→ **REQUIRED WORK**
Type out the full set of entries again, unchanged.

→ **RECORDS SHOWN**
*** Block opens ***
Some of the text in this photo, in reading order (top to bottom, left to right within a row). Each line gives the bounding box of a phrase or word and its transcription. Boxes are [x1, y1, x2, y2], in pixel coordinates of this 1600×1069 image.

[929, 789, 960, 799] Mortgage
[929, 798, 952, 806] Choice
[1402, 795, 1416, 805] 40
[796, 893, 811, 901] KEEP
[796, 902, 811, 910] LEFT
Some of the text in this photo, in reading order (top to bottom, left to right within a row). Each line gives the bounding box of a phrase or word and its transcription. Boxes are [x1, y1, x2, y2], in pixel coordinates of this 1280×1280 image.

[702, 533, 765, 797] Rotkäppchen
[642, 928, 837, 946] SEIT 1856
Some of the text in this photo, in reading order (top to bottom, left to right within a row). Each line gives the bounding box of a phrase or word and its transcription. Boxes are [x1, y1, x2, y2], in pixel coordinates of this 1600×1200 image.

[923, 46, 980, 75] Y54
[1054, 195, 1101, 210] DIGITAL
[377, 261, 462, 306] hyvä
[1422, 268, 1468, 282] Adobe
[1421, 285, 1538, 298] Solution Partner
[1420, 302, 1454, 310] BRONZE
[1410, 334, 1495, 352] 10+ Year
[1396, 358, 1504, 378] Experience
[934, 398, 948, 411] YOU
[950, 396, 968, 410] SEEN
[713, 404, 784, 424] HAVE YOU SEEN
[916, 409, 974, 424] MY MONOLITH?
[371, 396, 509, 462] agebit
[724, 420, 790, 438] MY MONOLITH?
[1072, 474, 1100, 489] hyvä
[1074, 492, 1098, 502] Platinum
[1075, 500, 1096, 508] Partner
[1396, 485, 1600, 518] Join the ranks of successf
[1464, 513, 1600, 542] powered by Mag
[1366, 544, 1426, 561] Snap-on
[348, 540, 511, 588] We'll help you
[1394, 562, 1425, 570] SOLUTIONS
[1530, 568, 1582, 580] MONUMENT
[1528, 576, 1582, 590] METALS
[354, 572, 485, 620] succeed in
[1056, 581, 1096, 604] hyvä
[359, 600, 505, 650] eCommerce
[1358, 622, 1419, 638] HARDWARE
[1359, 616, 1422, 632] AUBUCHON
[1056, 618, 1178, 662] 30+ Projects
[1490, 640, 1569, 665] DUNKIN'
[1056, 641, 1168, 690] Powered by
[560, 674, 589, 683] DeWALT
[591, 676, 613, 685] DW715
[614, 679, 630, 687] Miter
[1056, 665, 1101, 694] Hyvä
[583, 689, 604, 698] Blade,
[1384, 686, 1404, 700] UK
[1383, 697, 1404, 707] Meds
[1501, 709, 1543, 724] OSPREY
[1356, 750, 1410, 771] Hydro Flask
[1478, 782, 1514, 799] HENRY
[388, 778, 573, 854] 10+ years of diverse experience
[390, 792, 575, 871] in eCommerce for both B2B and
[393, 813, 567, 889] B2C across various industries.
*** Block closes ***
→ **TASK ANSWER**
Some of the text in this photo, in reading order (top to bottom, left to right within a row). Each line gives the bounding box of a phrase or word and its transcription. Boxes are [x1, y1, x2, y2], in pixel coordinates of this 1600×1069 image.

[929, 789, 960, 799] Mortgage
[929, 798, 952, 806] Choice
[1402, 795, 1416, 805] 40
[796, 893, 811, 901] KEEP
[796, 902, 811, 910] LEFT
Some of the text in this photo, in reading order (top to bottom, left to right within a row). Each line gives the bounding box of a phrase or word and its transcription. Boxes are [x1, y1, x2, y2], in pixel coordinates of this 1280×1280 image.

[702, 533, 765, 797] Rotkäppchen
[642, 928, 837, 946] SEIT 1856
Some of the text in this photo, in reading order (top to bottom, left to right within a row). Each line gives the bounding box of a phrase or word and its transcription. Boxes are [x1, y1, x2, y2], in pixel coordinates of this 1600×1200 image.

[923, 46, 980, 75] Y54
[1054, 195, 1101, 210] DIGITAL
[377, 261, 462, 306] hyvä
[1422, 268, 1468, 282] Adobe
[1421, 285, 1538, 298] Solution Partner
[1420, 302, 1454, 310] BRONZE
[1410, 334, 1495, 352] 10+ Year
[1396, 358, 1504, 378] Experience
[934, 398, 948, 411] YOU
[950, 396, 968, 410] SEEN
[713, 404, 784, 424] HAVE YOU SEEN
[916, 409, 974, 424] MY MONOLITH?
[371, 396, 509, 462] agebit
[724, 420, 790, 438] MY MONOLITH?
[1072, 474, 1100, 489] hyvä
[1074, 492, 1098, 502] Platinum
[1075, 500, 1096, 508] Partner
[1396, 485, 1600, 518] Join the ranks of successf
[1464, 513, 1600, 542] powered by Mag
[1366, 544, 1426, 561] Snap-on
[348, 540, 511, 588] We'll help you
[1394, 562, 1425, 570] SOLUTIONS
[1530, 568, 1582, 580] MONUMENT
[1528, 576, 1582, 590] METALS
[354, 572, 485, 620] succeed in
[1056, 581, 1096, 604] hyvä
[359, 600, 505, 650] eCommerce
[1358, 622, 1419, 638] HARDWARE
[1359, 616, 1422, 632] AUBUCHON
[1056, 618, 1178, 662] 30+ Projects
[1490, 640, 1569, 665] DUNKIN'
[1056, 641, 1168, 690] Powered by
[560, 674, 589, 683] DeWALT
[591, 676, 613, 685] DW715
[614, 679, 630, 687] Miter
[1056, 665, 1101, 694] Hyvä
[583, 689, 604, 698] Blade,
[1384, 686, 1404, 700] UK
[1383, 697, 1404, 707] Meds
[1501, 709, 1543, 724] OSPREY
[1356, 750, 1410, 771] Hydro Flask
[1478, 782, 1514, 799] HENRY
[388, 778, 573, 854] 10+ years of diverse experience
[390, 792, 575, 871] in eCommerce for both B2B and
[393, 813, 567, 889] B2C across various industries.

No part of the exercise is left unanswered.